As a small-business owner who pays my fair share in taxes, I believe one of the roles of government is to help those who are the least fortunate among us. As my family learned when I was a child and our house burned down, the fortunes of a family can turn instantly through circumstances beyond our control. By a twist of fate as a result of a lost career, traumatic military service, catastrophic accident or serious health condition, any one of us could find ourselves poor, homeless or disabled. There but for the grace of God go we.

The T Board is made up of nine members, eight appointed by the Fort Worth City Council and one by the Tarrant County Commissioners Court.

The T provided free bus service primarily through bus passes to social service agencies, which, in turn, would distribute the passes to their clientele.

In 2012, Mayor Price understandably became frustrated with The T’s lack of progress in providing TexRail service from downtown Fort Worth to Dallas Fort Worth International Airport. The mayor convinced the City Council to remove all of its appointees to The T Board and appoint new members to shake things up and jump start TexRail efforts.

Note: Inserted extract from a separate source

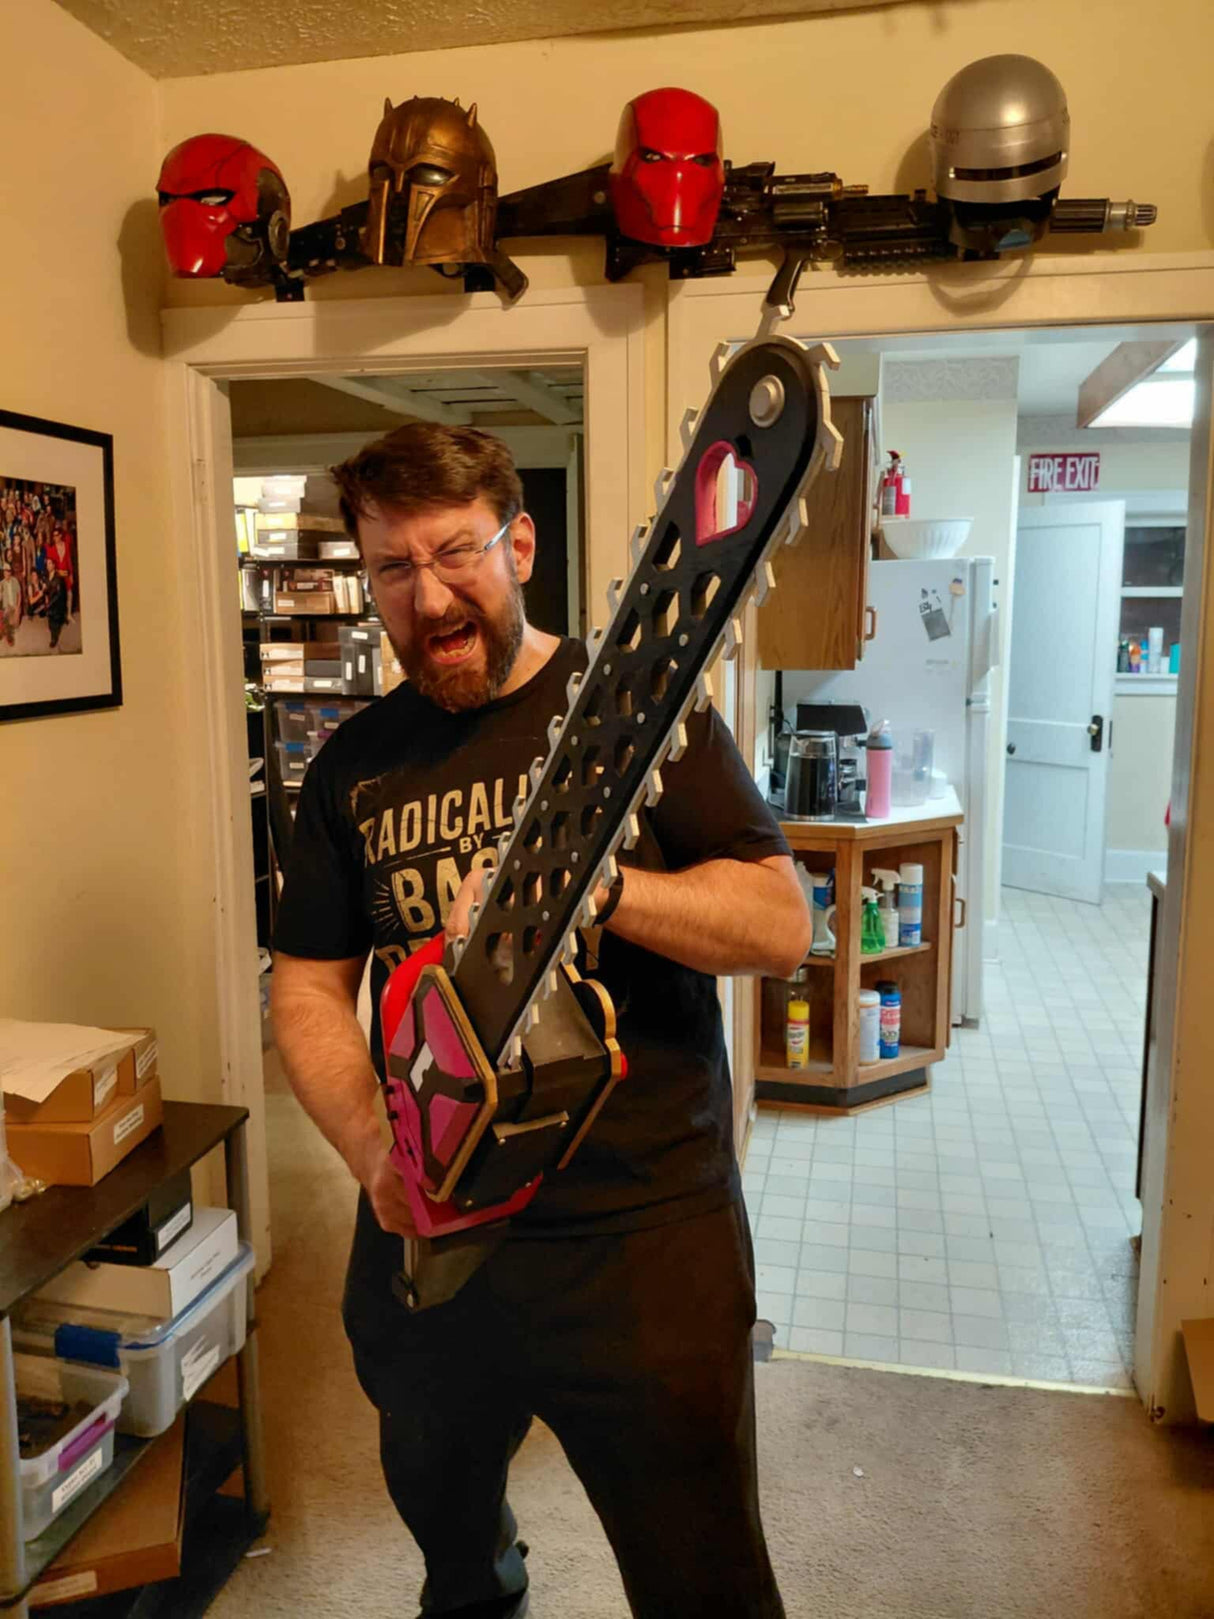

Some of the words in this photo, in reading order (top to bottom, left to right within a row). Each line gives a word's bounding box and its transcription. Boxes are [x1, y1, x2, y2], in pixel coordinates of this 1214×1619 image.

[1029, 458, 1063, 490] FIRE
[1065, 457, 1099, 489] EXIT
[459, 832, 484, 854] BY

Shortly thereafter The T president “retired,” and Nashville transit official Paul Ballard was selected to replace him. In Nashville, the transit authority discontinued free bus rides for low-income and homeless riders. Shortly after Ballard took the helm of The T, social service agencies around Fort Worth were informed that The T would no longer offer free bus rides through FAREAid.

The reason for this decision is not really clear. With assets that are 271 percent of its operating budget, The T is in good fiscal shape. FAREAid just let folks ride the bus that was already going their way. There is room on the buses. The T’s own data show they operate at about 48 percent capacity.

Some T officials have said fraud is a problem because some social service agencies hand out all their bus passes on one day each month, which may have encouraged some recipients to sell the passes. It seems like that could easily be dealt with by instructing the agencies to distribute a limited number of passes at a time.

Some have suggested that The T needs to change its look to attract new riders. These sentiments are misguided in assuming both that those who get free bus rides are discouraging new ridership and that The T should discourage anyone who needs transportation from using the bus.

Some have argued that The T is not a social service agency so it should not offer free rides. The government, which acts collectively on behalf of all of us, has a duty to help the less fortunate.

Others say social service agencies should pay for these rides. But that would divert resources from the mission of those agencies, many of them charities that are financially strapped, and it would further burden an already generous business and philanthropic community to pay for something The T could do for almost free.

I don’t know anything about how things are done in Nashville. But in Fort Worth, we have a way of getting stakeholders to the table and trying to come up with solutions that address valid concerns. That’s not happening in this case. Indeed, agencies report that The T initially refused to even sit down and discuss its new policy. That does not sound like the Fort Worth way I have heard about.

I am not convinced that Mayor Price wanted to end free bus rides when she led the effort to replace The T Board, but that was the result. So now the mayor needs to lead the effort to fix it because it appears The T refuses to do so.

I have every confidence that if the mayor sets her mind and her heart to it, she can get this done in a way that helps those in need without burdening already strained social service agencies.

Let’s get moving on restoring free bus rides for the poor, homeless and disabled.

Jason C. N. Smith is a Fort Worth attorney, dog lover and father of 5-year-old twins.